The Greeks had their own word for the practice of older men taking young boys under their metaphorical wings. Known as “pederasty,” the practice was socially acceptable and often used ritualistically.
Supporters of the practice claimed that it was useful for the social and educational progression of the boy. Because it was regarded so highly, the ritual of pairing a young boy with an older man was a communal one. The boy’s father would ultimately choose the older man, similarly to a father seeking a husband for his daughter.
Unlike in the Samurai culture, however, there were critics of the practice throughout its heyday. Scholars such as Plato often argued that the effects of a pederastic relationship were more negative than positive, that the lasting effects on the psyche of the boy could lead to negative behaviors in the future.

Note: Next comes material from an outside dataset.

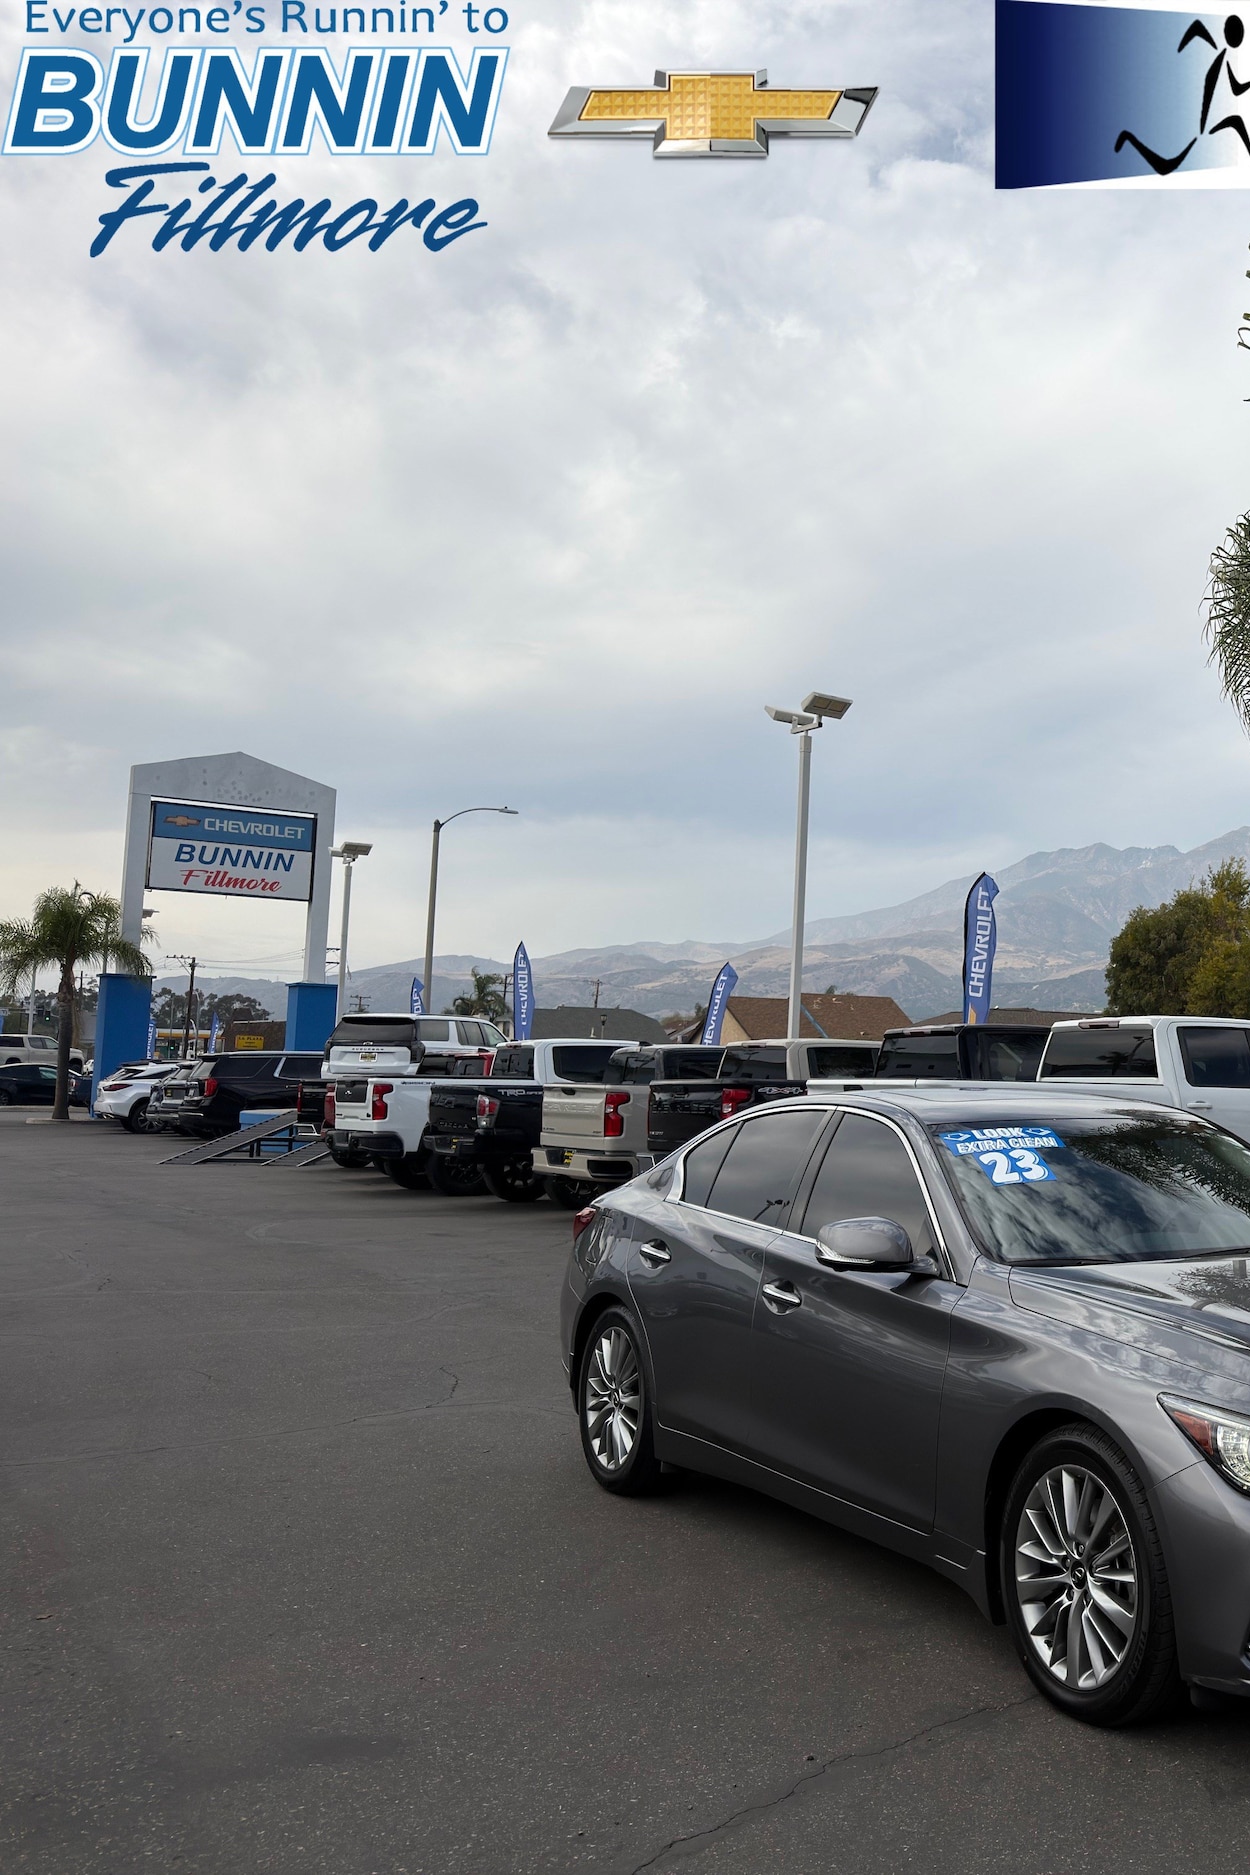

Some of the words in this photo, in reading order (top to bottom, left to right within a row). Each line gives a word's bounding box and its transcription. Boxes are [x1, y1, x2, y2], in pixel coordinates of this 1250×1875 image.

The critics of pederasty soon outweighed the supporters, as religions such as Judaism and Christianity condemned sodomy and homosexuality. Fabels, such as those written by famed writer Aesop, also began to depict sodomy and homosexual encounters between older and younger men as taboo and unacceptable. Eventually, by the fall of the Roman empire, pederasty had fallen out of fashion.
The Roman view of pederasty was arguably the loosest. Whereas the Samurai and the Greeks viewed it as a spiritual or educational union, the Romans simply engaged in it as a social pastime.
In Ancient Rome, it was actually socially normal for older men to prefer younger boys over young women. However, sodomy was still frowned upon, so the only young men available to become sexual partners were slaves, whose rights were unprotected.
Unlike the Greeks and Samurai warriors, Roman pederasty was driven solely by one’s sexual desires and indulgences. It was seen as an act of power, as all but one of the fifteen Roman emperors did not take a young boy as a lover. Being able to control and manage one’s sex life, by way of organizing multiple sexual partners, was seen as a sign that a man was capable of governing a city.
Most researchers believe that the Roman practice of pederasty came out of Greek influence and that the Romans then adapted it to fit their decidedly different lifestyle.
Pederasty was common practice in the Roman Empire until the rise of Christianity, which, as it did in Greek culture, put a stop to the practice of sodomy by condemning homosexuality.